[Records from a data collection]
-------
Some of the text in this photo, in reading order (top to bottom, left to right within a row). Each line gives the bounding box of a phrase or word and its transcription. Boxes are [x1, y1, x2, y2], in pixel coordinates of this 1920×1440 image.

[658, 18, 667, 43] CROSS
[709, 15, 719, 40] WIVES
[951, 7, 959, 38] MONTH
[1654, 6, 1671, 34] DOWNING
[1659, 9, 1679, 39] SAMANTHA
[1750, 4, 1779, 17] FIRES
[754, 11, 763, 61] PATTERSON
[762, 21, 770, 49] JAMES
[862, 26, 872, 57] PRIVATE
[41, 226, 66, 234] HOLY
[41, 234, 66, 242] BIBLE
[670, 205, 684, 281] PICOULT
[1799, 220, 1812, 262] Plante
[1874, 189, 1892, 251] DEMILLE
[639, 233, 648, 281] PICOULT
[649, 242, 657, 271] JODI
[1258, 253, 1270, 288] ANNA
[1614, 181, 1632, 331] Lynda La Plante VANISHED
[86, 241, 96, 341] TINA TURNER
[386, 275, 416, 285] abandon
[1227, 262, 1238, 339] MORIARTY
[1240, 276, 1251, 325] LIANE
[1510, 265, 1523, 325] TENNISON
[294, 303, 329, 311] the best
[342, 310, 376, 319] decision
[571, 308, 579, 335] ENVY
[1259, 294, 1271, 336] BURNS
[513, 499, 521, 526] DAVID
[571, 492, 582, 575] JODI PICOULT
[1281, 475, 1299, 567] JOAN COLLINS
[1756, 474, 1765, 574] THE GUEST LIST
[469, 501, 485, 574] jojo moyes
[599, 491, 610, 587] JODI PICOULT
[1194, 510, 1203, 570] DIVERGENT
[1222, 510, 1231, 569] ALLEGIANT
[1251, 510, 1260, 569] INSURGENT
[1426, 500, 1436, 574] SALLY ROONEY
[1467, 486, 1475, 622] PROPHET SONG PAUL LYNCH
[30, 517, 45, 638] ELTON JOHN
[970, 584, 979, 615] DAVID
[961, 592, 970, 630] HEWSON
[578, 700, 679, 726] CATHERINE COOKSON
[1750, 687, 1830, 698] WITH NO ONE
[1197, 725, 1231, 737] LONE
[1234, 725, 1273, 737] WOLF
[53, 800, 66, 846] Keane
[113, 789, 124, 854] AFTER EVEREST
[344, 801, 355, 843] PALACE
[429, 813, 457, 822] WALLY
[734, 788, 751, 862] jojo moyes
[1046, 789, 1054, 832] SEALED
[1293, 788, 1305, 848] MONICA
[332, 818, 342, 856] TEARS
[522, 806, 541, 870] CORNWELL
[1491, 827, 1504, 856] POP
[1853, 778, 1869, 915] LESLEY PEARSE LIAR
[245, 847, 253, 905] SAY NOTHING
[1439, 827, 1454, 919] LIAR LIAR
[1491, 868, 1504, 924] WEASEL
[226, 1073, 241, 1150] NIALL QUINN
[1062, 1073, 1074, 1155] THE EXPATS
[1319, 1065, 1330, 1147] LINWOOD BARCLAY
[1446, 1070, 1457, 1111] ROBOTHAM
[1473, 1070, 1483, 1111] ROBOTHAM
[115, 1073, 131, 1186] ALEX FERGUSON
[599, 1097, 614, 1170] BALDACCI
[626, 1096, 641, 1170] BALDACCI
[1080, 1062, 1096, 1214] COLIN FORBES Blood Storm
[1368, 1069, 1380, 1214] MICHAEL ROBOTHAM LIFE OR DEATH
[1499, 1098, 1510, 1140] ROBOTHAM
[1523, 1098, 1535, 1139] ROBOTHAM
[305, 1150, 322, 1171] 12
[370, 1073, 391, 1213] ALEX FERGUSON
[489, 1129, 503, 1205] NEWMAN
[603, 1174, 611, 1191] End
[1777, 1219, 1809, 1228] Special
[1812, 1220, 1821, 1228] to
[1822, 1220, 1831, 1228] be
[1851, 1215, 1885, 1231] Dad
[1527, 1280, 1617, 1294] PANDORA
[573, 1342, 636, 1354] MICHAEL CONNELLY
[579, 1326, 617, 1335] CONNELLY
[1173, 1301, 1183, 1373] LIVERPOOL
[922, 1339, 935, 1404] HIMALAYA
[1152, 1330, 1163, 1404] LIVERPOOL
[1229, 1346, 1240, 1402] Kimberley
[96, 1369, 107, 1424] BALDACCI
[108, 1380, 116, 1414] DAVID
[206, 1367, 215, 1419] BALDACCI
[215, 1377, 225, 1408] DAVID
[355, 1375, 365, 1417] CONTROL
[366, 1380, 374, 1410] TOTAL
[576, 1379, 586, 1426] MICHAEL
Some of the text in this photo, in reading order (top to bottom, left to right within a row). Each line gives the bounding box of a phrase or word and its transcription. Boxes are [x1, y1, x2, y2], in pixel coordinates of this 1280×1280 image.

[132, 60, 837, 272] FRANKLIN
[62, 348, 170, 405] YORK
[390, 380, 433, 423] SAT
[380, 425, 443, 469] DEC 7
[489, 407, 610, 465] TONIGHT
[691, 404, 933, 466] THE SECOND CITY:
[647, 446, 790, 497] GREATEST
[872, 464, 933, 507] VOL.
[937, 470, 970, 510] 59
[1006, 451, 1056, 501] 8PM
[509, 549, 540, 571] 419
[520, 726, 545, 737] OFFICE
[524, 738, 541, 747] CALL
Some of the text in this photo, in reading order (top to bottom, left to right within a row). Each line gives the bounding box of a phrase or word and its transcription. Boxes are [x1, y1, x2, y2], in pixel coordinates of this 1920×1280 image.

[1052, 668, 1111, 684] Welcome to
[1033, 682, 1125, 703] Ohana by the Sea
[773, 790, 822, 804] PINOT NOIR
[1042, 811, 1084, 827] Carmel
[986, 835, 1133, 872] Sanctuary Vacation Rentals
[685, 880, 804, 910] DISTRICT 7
-------
▶ [PROBLEM STATEMENT]: Exactly the lines from the one containing "this 1920×1280 image." through the end of the entries above must be output, and no others.

▶ [RESULT]:
Some of the text in this photo, in reading order (top to bottom, left to right within a row). Each line gives the bounding box of a phrase or word and its transcription. Boxes are [x1, y1, x2, y2], in pixel coordinates of this 1920×1280 image.

[1052, 668, 1111, 684] Welcome to
[1033, 682, 1125, 703] Ohana by the Sea
[773, 790, 822, 804] PINOT NOIR
[1042, 811, 1084, 827] Carmel
[986, 835, 1133, 872] Sanctuary Vacation Rentals
[685, 880, 804, 910] DISTRICT 7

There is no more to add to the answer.